--- AIM OF THE TASK ---
With the pictures excluded, reproduce all of the data exactly.

Records from a collection
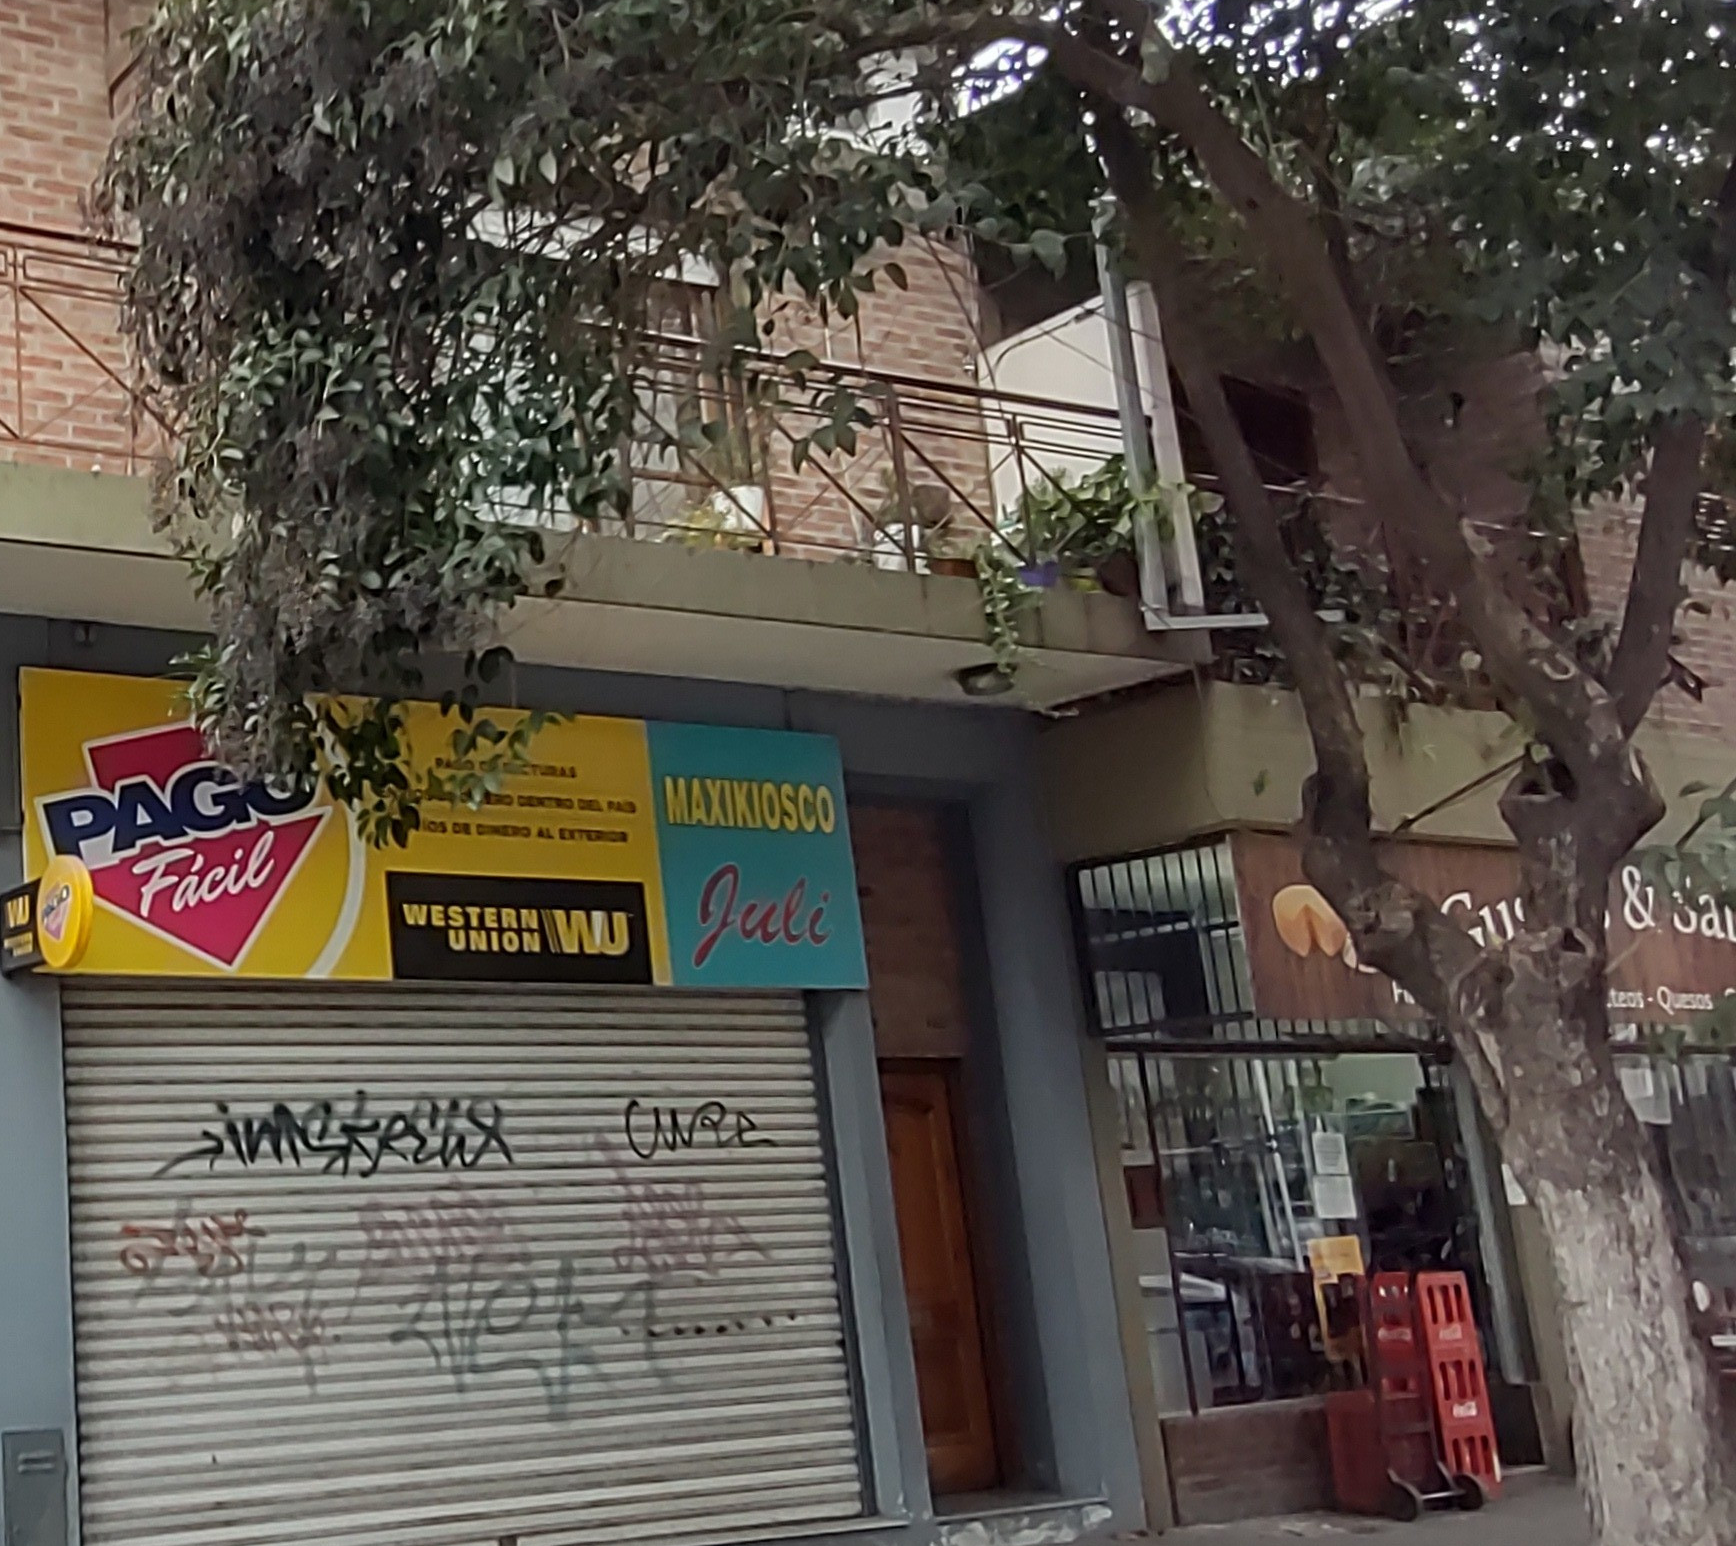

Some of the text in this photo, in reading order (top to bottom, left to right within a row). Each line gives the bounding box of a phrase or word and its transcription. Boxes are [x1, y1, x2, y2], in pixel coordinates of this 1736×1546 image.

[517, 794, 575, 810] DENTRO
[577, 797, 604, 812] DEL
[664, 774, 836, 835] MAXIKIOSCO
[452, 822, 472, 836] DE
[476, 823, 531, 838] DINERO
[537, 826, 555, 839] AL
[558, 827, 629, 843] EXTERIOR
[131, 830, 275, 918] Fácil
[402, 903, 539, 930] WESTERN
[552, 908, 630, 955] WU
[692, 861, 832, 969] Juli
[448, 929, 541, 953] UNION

--- RESULT OF THIS EXERCISE ---
Some of the text in this photo, in reading order (top to bottom, left to right within a row). Each line gives the bounding box of a phrase or word and its transcription. Boxes are [x1, y1, x2, y2], in pixel coordinates of this 1736×1546 image.

[517, 794, 575, 810] DENTRO
[577, 797, 604, 812] DEL
[664, 774, 836, 835] MAXIKIOSCO
[452, 822, 472, 836] DE
[476, 823, 531, 838] DINERO
[537, 826, 555, 839] AL
[558, 827, 629, 843] EXTERIOR
[131, 830, 275, 918] Fácil
[402, 903, 539, 930] WESTERN
[552, 908, 630, 955] WU
[692, 861, 832, 969] Juli
[448, 929, 541, 953] UNION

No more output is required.